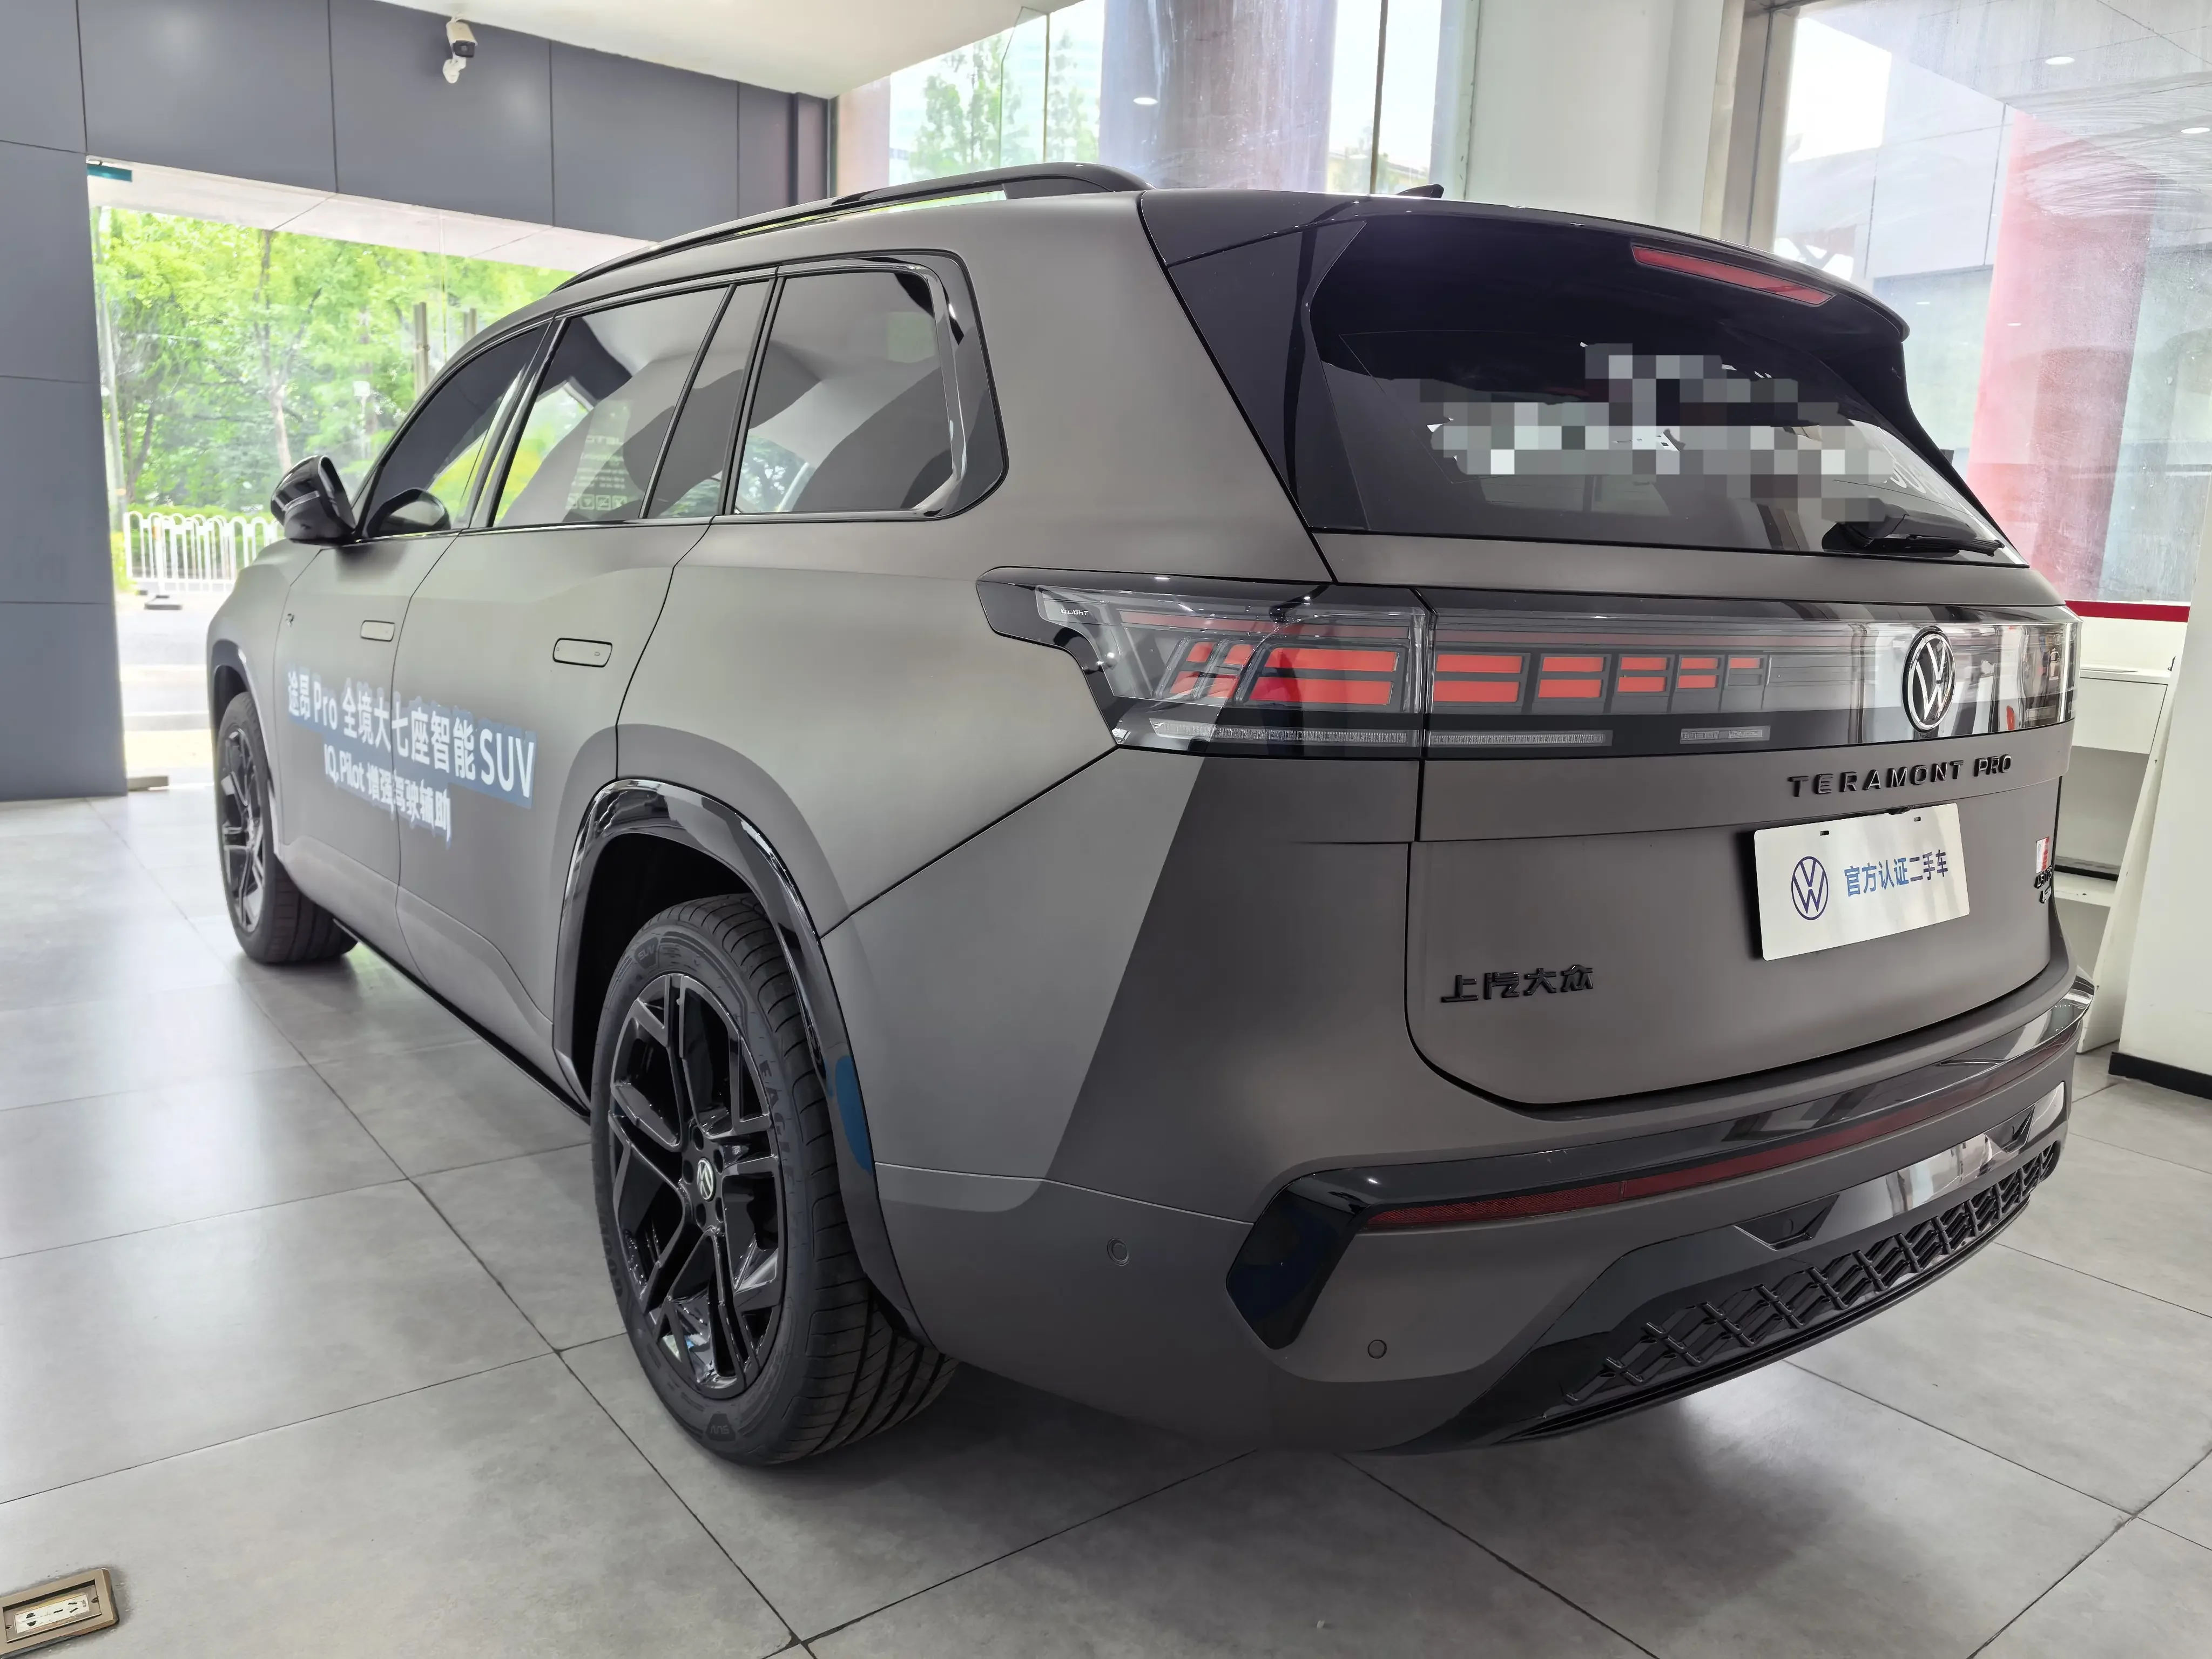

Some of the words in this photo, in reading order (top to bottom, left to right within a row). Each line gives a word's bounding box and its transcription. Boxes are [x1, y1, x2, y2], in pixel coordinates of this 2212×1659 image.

[313, 680, 338, 730] Pro
[480, 729, 535, 798] SUV
[1788, 759, 1964, 797] TERAMONT
[1974, 753, 2012, 777] PRO
[1844, 849, 1948, 898] 官方认证二手车
[637, 943, 655, 961] SUV
[1440, 964, 1593, 1003] 上汽大众

EXERCISE DESCRIPTION:
Give back the listing exactly, with the pictures removed.

ANSWER AREA:
Some of the words in this photo, in reading order (top to bottom, left to right within a row). Each line gives a word's bounding box and its transcription. Boxes are [x1, y1, x2, y2], in pixel coordinates of this 2212×1659 image.

[313, 680, 338, 730] Pro
[480, 729, 535, 798] SUV
[1788, 759, 1964, 797] TERAMONT
[1974, 753, 2012, 777] PRO
[1844, 849, 1948, 898] 官方认证二手车
[637, 943, 655, 961] SUV
[1440, 964, 1593, 1003] 上汽大众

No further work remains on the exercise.